### [Exercise goal]
Print the entries underneath word for word, omitting whatever pictures they contain.

### [Recorded data]

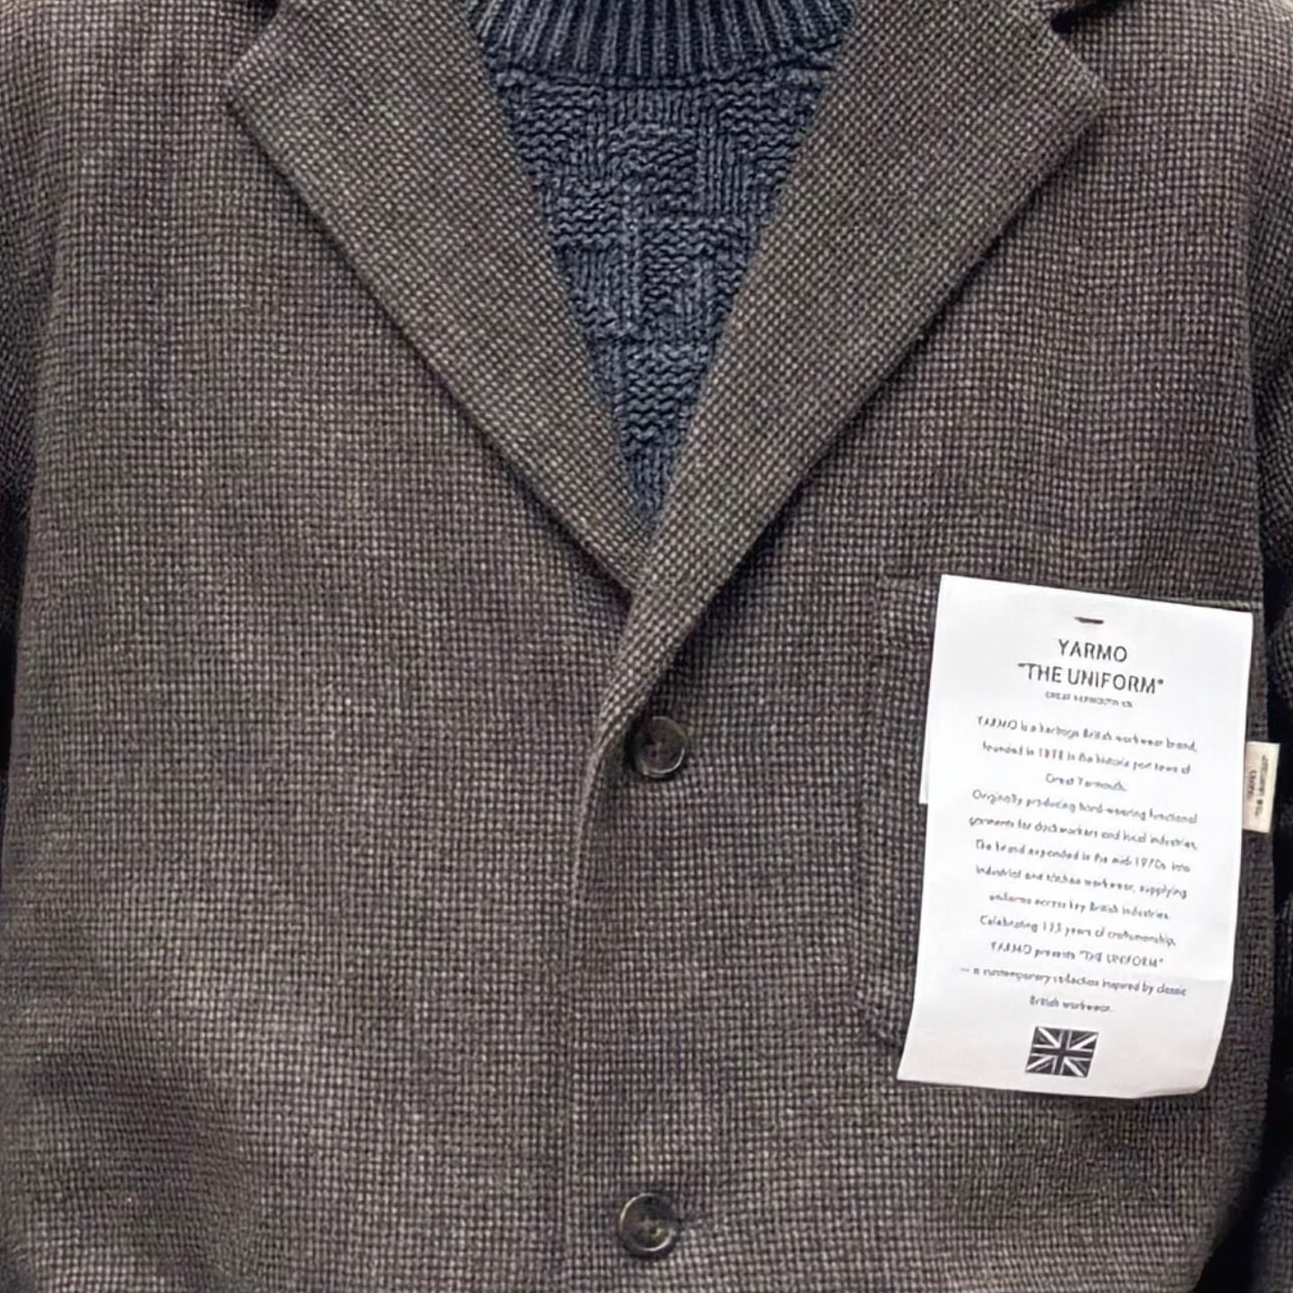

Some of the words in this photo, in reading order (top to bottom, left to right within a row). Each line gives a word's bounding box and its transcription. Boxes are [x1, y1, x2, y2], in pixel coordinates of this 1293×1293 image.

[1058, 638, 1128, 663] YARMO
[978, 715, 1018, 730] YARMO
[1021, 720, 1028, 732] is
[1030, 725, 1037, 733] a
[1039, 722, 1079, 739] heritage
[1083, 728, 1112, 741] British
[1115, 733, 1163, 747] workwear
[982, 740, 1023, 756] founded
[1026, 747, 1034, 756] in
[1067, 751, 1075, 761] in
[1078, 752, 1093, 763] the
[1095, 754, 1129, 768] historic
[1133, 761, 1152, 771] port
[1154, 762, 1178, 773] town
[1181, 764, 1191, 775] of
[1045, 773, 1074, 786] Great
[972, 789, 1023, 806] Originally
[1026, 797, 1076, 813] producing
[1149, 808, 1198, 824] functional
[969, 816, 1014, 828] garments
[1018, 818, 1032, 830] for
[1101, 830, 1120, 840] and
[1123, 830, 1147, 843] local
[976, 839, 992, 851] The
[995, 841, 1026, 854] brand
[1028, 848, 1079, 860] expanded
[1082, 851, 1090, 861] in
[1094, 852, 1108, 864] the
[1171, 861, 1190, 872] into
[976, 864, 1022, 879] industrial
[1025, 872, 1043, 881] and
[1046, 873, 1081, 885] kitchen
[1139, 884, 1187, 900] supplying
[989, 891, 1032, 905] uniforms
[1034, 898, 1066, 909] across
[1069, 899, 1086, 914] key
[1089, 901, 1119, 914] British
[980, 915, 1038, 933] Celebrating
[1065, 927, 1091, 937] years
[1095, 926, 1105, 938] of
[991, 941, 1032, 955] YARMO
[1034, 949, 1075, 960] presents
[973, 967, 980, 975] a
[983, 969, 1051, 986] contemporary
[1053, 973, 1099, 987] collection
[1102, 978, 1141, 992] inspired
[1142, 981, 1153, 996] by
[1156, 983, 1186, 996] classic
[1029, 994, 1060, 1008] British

### [Your response]
Some of the words in this photo, in reading order (top to bottom, left to right within a row). Each line gives a word's bounding box and its transcription. Boxes are [x1, y1, x2, y2], in pixel coordinates of this 1293×1293 image.

[1058, 638, 1128, 663] YARMO
[978, 715, 1018, 730] YARMO
[1021, 720, 1028, 732] is
[1030, 725, 1037, 733] a
[1039, 722, 1079, 739] heritage
[1083, 728, 1112, 741] British
[1115, 733, 1163, 747] workwear
[982, 740, 1023, 756] founded
[1026, 747, 1034, 756] in
[1067, 751, 1075, 761] in
[1078, 752, 1093, 763] the
[1095, 754, 1129, 768] historic
[1133, 761, 1152, 771] port
[1154, 762, 1178, 773] town
[1181, 764, 1191, 775] of
[1045, 773, 1074, 786] Great
[972, 789, 1023, 806] Originally
[1026, 797, 1076, 813] producing
[1149, 808, 1198, 824] functional
[969, 816, 1014, 828] garments
[1018, 818, 1032, 830] for
[1101, 830, 1120, 840] and
[1123, 830, 1147, 843] local
[976, 839, 992, 851] The
[995, 841, 1026, 854] brand
[1028, 848, 1079, 860] expanded
[1082, 851, 1090, 861] in
[1094, 852, 1108, 864] the
[1171, 861, 1190, 872] into
[976, 864, 1022, 879] industrial
[1025, 872, 1043, 881] and
[1046, 873, 1081, 885] kitchen
[1139, 884, 1187, 900] supplying
[989, 891, 1032, 905] uniforms
[1034, 898, 1066, 909] across
[1069, 899, 1086, 914] key
[1089, 901, 1119, 914] British
[980, 915, 1038, 933] Celebrating
[1065, 927, 1091, 937] years
[1095, 926, 1105, 938] of
[991, 941, 1032, 955] YARMO
[1034, 949, 1075, 960] presents
[973, 967, 980, 975] a
[983, 969, 1051, 986] contemporary
[1053, 973, 1099, 987] collection
[1102, 978, 1141, 992] inspired
[1142, 981, 1153, 996] by
[1156, 983, 1186, 996] classic
[1029, 994, 1060, 1008] British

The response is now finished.